EXERCISE REQUIREMENTS ::
Every entry is to be transcribed as it stands. Images stay out.
### TASK DATA ###
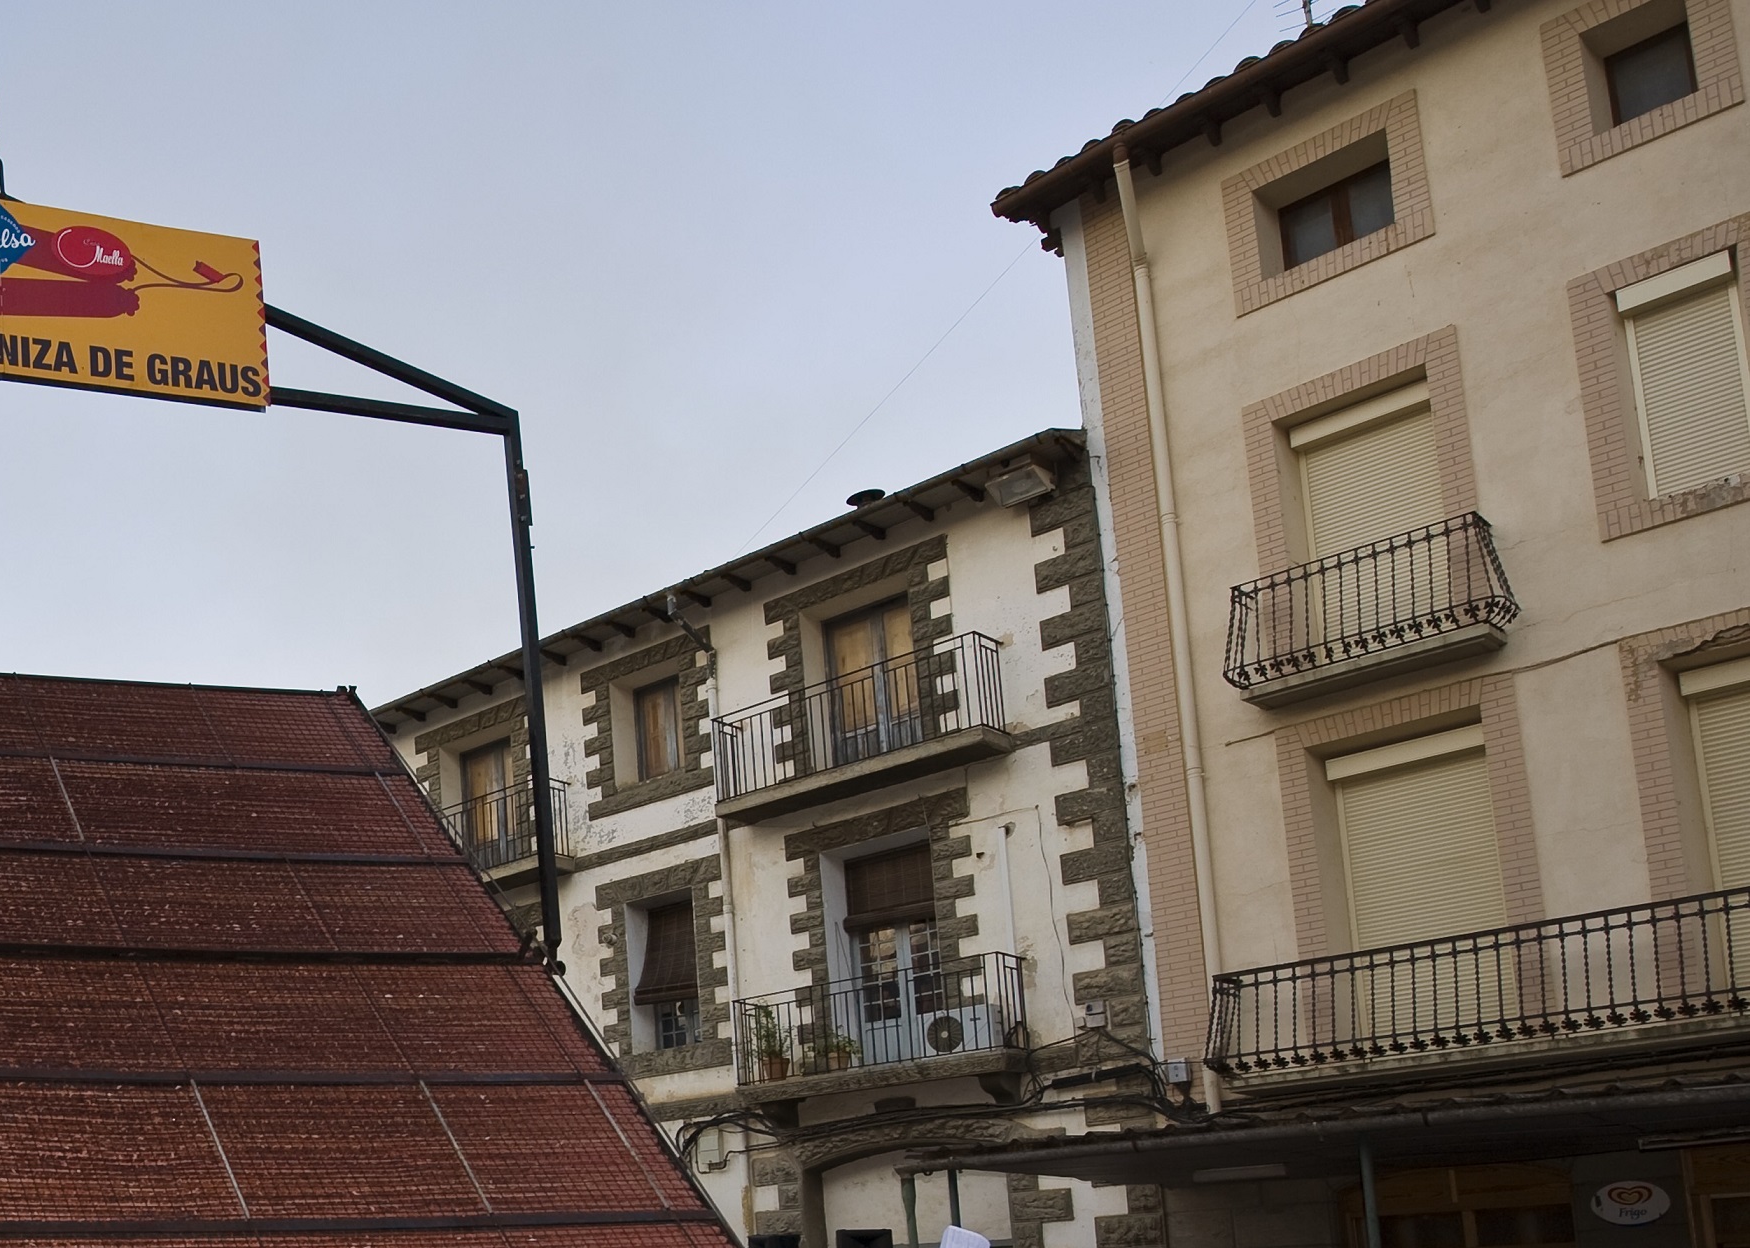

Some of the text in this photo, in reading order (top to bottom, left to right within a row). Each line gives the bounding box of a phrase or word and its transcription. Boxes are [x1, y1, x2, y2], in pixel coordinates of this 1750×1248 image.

[95, 245, 124, 266] Maella
[89, 344, 135, 382] DE
[146, 352, 262, 398] GRAUS
[1618, 1207, 1648, 1220] Frigo
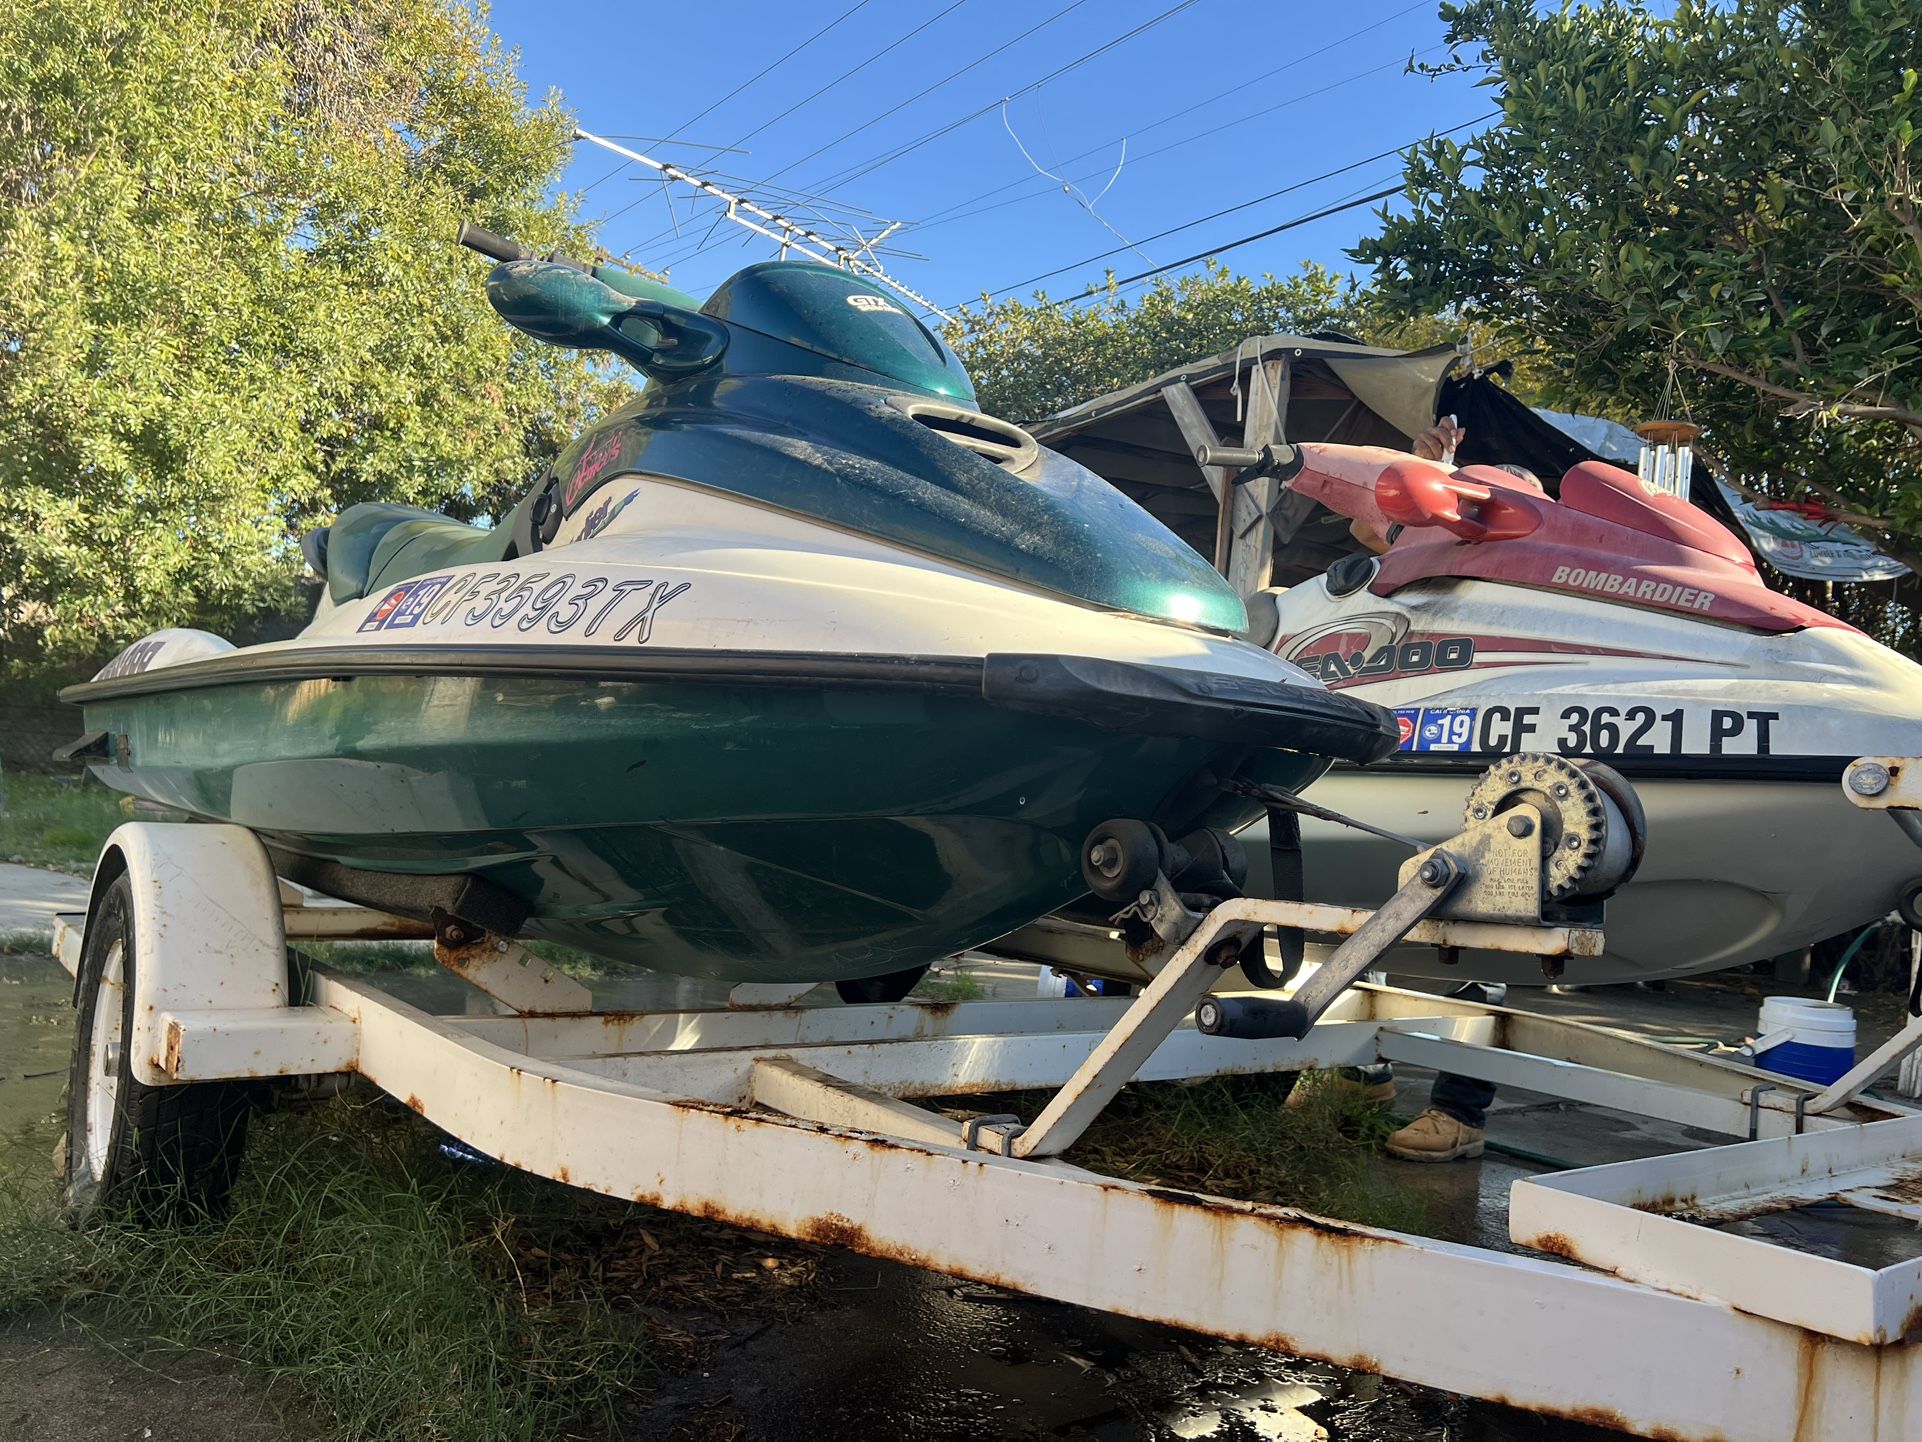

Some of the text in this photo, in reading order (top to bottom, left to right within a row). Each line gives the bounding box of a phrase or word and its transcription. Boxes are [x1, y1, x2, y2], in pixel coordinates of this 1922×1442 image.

[405, 584, 441, 615] 19
[1552, 565, 1716, 611] BOMBARDIER
[422, 572, 692, 644] CF3593TX
[1437, 714, 1471, 744] 19
[1479, 705, 1780, 755] CF 3621 PT
[1487, 858, 1533, 867] MOVEMENT
[1492, 849, 1529, 857] NOT FOR
[1500, 867, 1534, 876] HUMANS
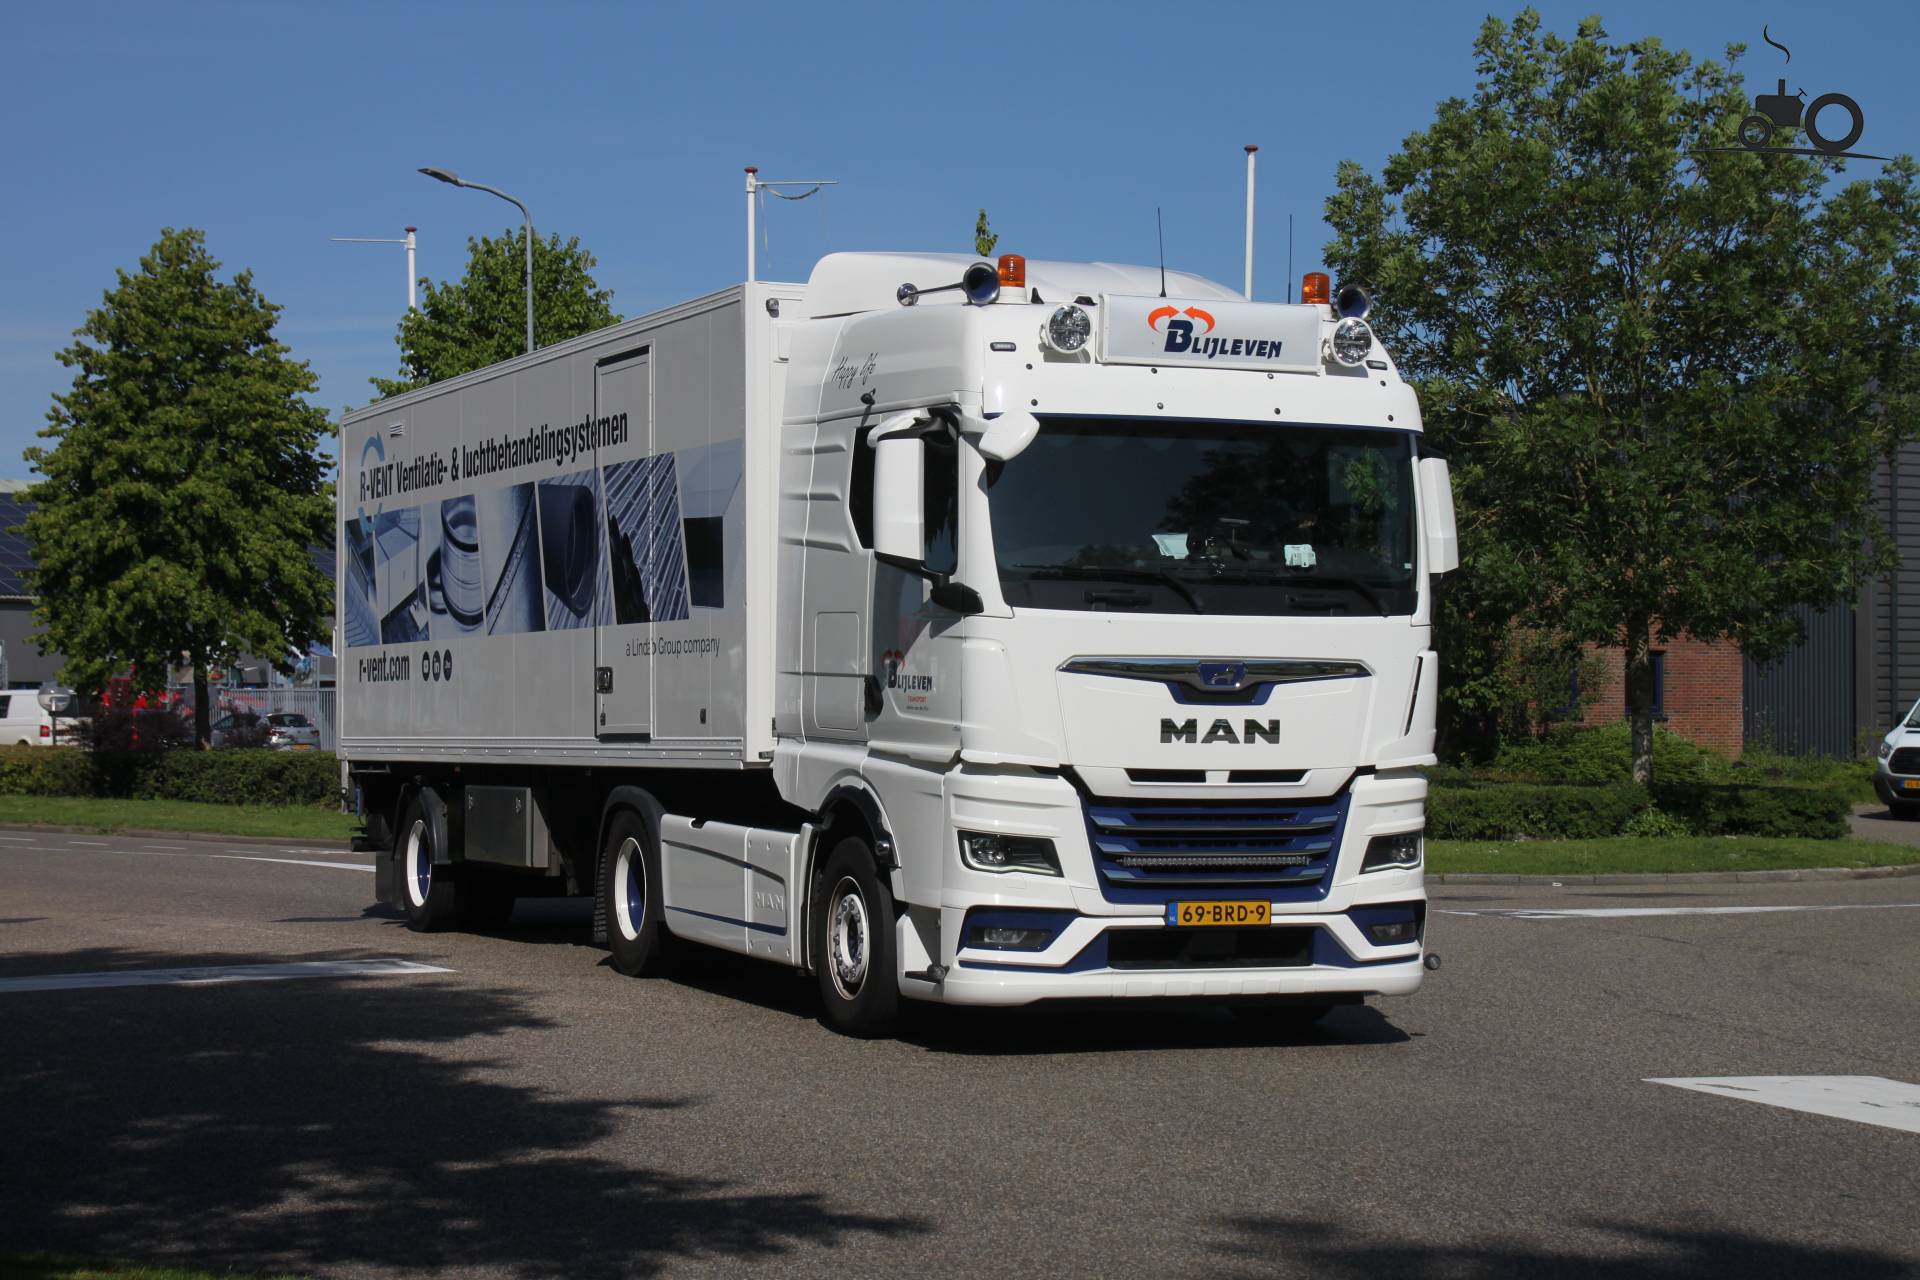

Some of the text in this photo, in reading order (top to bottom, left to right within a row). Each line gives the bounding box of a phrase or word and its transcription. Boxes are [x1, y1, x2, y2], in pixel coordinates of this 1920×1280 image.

[1164, 319, 1282, 359] BLIJLEVEN
[360, 412, 628, 502] R-VENT Ventilatie- & luchtbehandelingsystemen
[626, 643, 631, 656] a
[658, 637, 681, 659] Group
[684, 637, 719, 658] company
[360, 650, 410, 682] r-vent.com
[887, 660, 933, 693] BLIJLEVEN
[1160, 719, 1280, 744] MAN
[1182, 904, 1266, 923] 69-BRD-9
###
TASK RESULT ::
Some of the text in this photo, in reading order (top to bottom, left to right within a row). Each line gives the bounding box of a phrase or word and its transcription. Boxes are [x1, y1, x2, y2], in pixel coordinates of this 1750×1248 image.

[95, 245, 124, 266] Maella
[89, 344, 135, 382] DE
[146, 352, 262, 398] GRAUS
[1618, 1207, 1648, 1220] Frigo

Some of the text in this photo, in reading order (top to bottom, left to right within a row). Each line gives the bounding box of a phrase or word and its transcription. Boxes are [x1, y1, x2, y2], in pixel coordinates of this 1922×1442 image.

[405, 584, 441, 615] 19
[1552, 565, 1716, 611] BOMBARDIER
[422, 572, 692, 644] CF3593TX
[1437, 714, 1471, 744] 19
[1479, 705, 1780, 755] CF 3621 PT
[1487, 858, 1533, 867] MOVEMENT
[1492, 849, 1529, 857] NOT FOR
[1500, 867, 1534, 876] HUMANS

Some of the text in this photo, in reading order (top to bottom, left to right within a row). Each line gives the bounding box of a phrase or word and its transcription. Boxes are [x1, y1, x2, y2], in pixel coordinates of this 1920×1280 image.

[1164, 319, 1282, 359] BLIJLEVEN
[360, 412, 628, 502] R-VENT Ventilatie- & luchtbehandelingsystemen
[626, 643, 631, 656] a
[658, 637, 681, 659] Group
[684, 637, 719, 658] company
[360, 650, 410, 682] r-vent.com
[887, 660, 933, 693] BLIJLEVEN
[1160, 719, 1280, 744] MAN
[1182, 904, 1266, 923] 69-BRD-9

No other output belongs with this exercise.